12 thoughts on “Cricketers Arms, Portrack Lane c1990s

  1. When I worked at BTP Central Labs in the mid sixties a group of us used to go there every lunchtime for a pint. The Cricketers lunches were to die for. I think the owner and her husband were called May and Peter, though I may be wrong, and their daughter was definitely called Margaret.

  2. This was our local for a few years late sixties/early seventies. Only names I remember are Dave Young and his brother Alan.

  3. Always a decent pint in the Cricketers. The landlord when I went in was a chap called Peter Turner who I think worked for quite a while at Hills Door company.

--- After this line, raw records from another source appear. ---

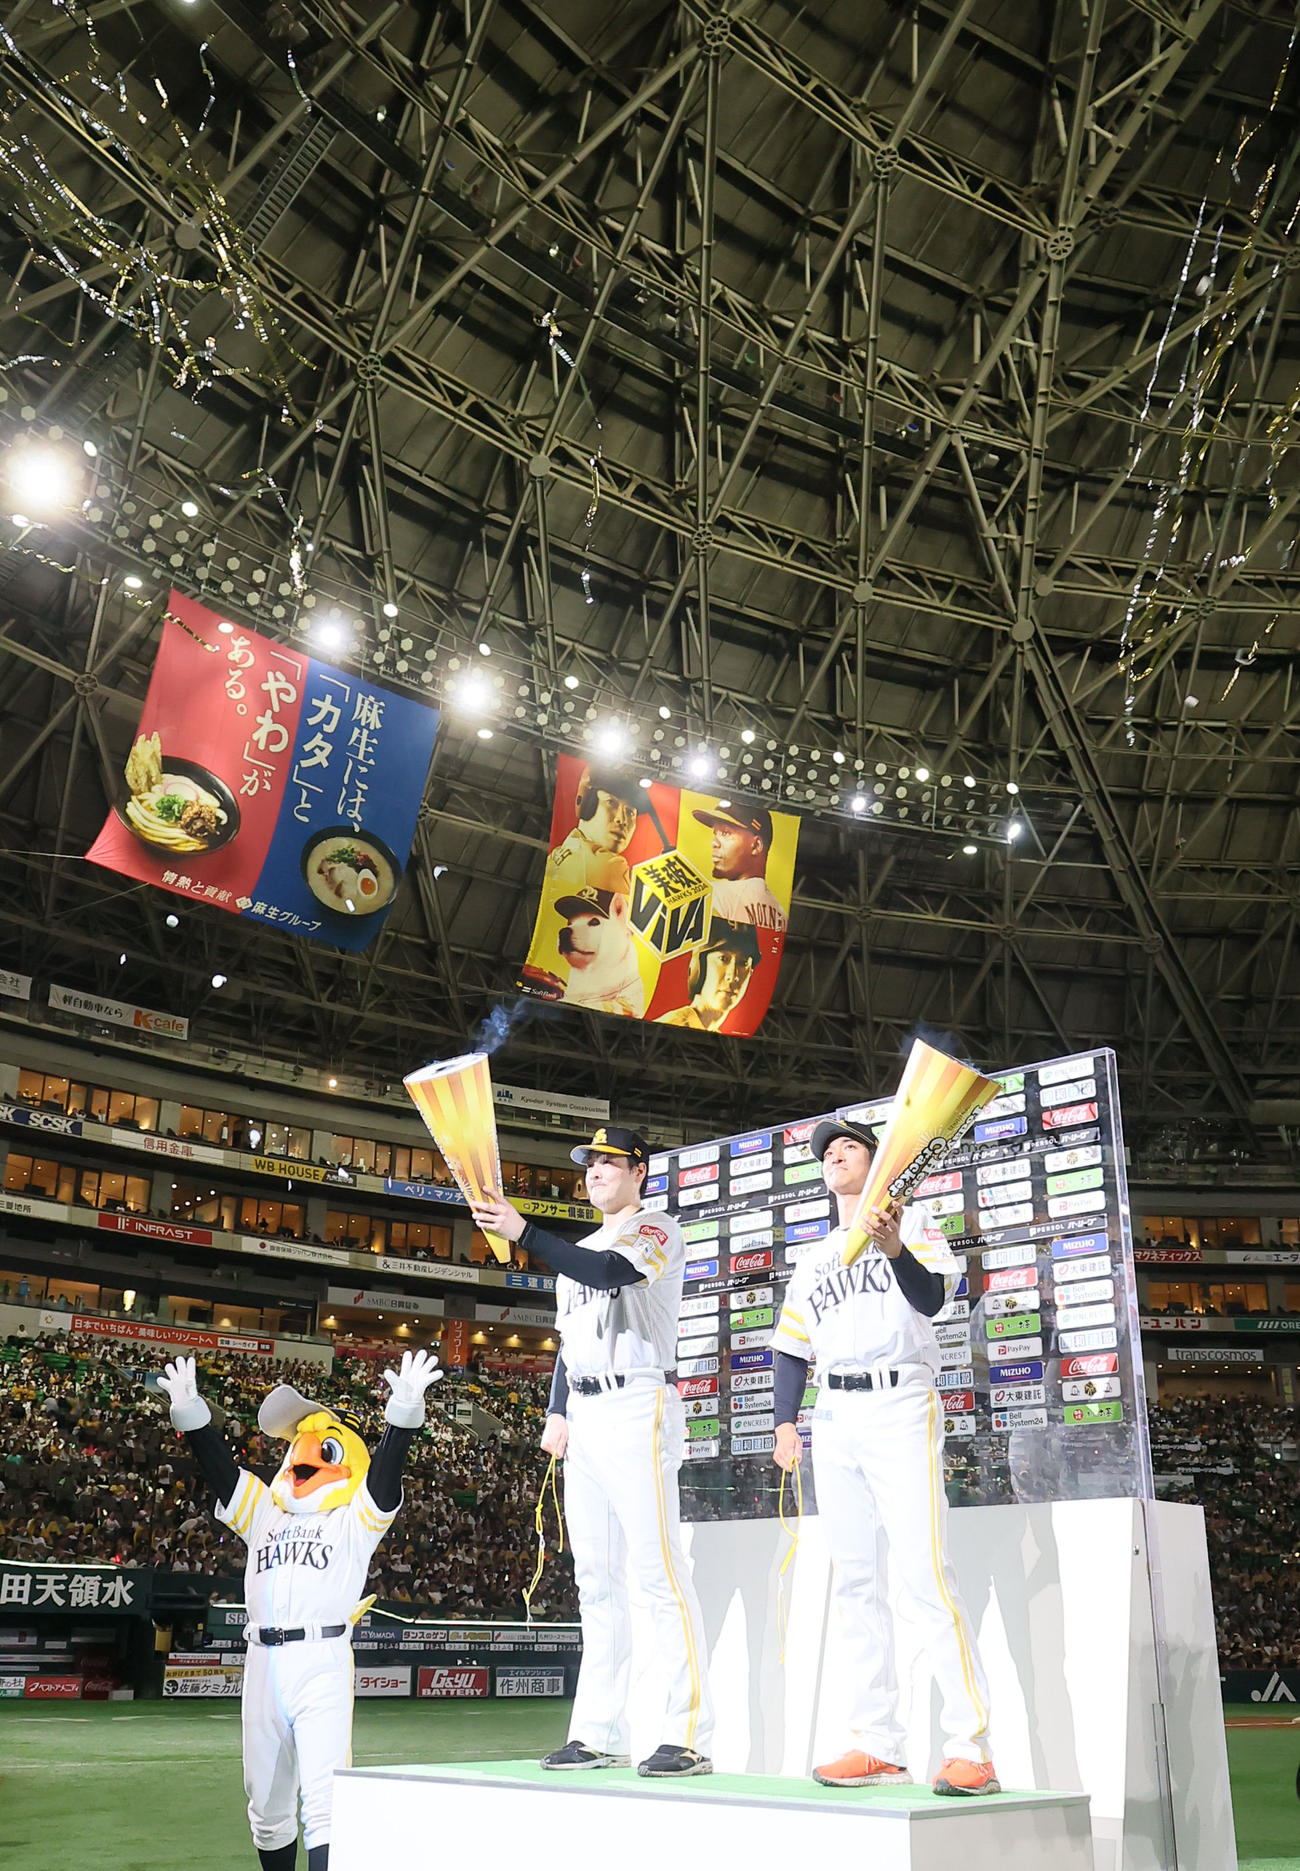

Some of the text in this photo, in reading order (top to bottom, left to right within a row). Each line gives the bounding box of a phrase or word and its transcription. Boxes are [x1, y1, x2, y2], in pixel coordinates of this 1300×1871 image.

[224, 635, 254, 716] ある。
[240, 650, 302, 797] 「やわ」が
[293, 673, 351, 824] 「カタ」と
[337, 691, 386, 833] 麻生には、
[161, 869, 233, 905] 情熱と貢献
[667, 890, 692, 905] HAWKS
[250, 900, 322, 933] 麻生グループ
[61, 993, 124, 1019] 軽自動車なら
[133, 1009, 185, 1034] K-cafe
[28, 1111, 74, 1135] SCSK
[985, 1123, 1015, 1135] MIZUHO
[143, 1136, 193, 1158] 信用金庫
[739, 1139, 763, 1149] MIZUHO
[254, 1158, 275, 1173] WB
[279, 1164, 320, 1180] HOUSE
[888, 1137, 947, 1198] Cracker
[531, 1201, 595, 1220] アンサー倶楽部
[135, 1221, 194, 1241] INFRAST
[794, 1225, 819, 1236] MIZUHO
[1063, 1239, 1095, 1251] MIZUHO
[686, 1265, 709, 1275] MIZUHO
[935, 1331, 967, 1342] System24
[1008, 1345, 1031, 1353] PayPay
[1175, 1348, 1257, 1362] transcosmos
[740, 1354, 764, 1363] MIZUHO
[1000, 1367, 1031, 1377] MIZUHO
[683, 1379, 712, 1394] Coca-Cola
[743, 1374, 771, 1386] 大東建託
[1007, 1389, 1042, 1402] 大東建託
[745, 1400, 772, 1410] System24
[1009, 1418, 1044, 1428] System24
[266, 1524, 324, 1544] SoftBank
[256, 1541, 333, 1575] HAWKS
[0, 1573, 136, 1608] 田天領水
[368, 1630, 396, 1639] YAMADA
[404, 1631, 447, 1640] タンスのゲン
[360, 1676, 408, 1689] ダイショー
[430, 1669, 476, 1689] G&YU
[500, 1678, 561, 1695] 作州商事
[179, 1683, 241, 1695] 佐藤ケミカル
[421, 1687, 484, 1697] BATTERY

    • Correct Martin. I worked near to where Peter, he was a woodwork machinist working in the next shop to me. It was called Factory 6 which was split into 2 shops, the joinery one that I was in and the other side housing all the machinery. At one time he did move over to Australia then coming back to work in Hills.

      • Bob, Is this the Peter Turner who played in goal for Stockton Shamrocks & can be seen on this web-site in a Newtown School team photo, his father Lenny worked in Harkers Engineering close by to the Cricketers Arms.

        • I wouldn’t know about his sporting interests or which school he went to other than when he had the Cricketers he did play golf with a chap called Dave French. He also was a barman in the Brown Jug at one time before the Cricketers.

    • Yes, May was the landlady when we used to go in there in the late 70s. We worked in the steel stockholding place down the black path which was the old Head Wrightson place. After a Saturday mornings overtime it was the first pub we came to and we couldn’t exactly walk past it without calling in could we.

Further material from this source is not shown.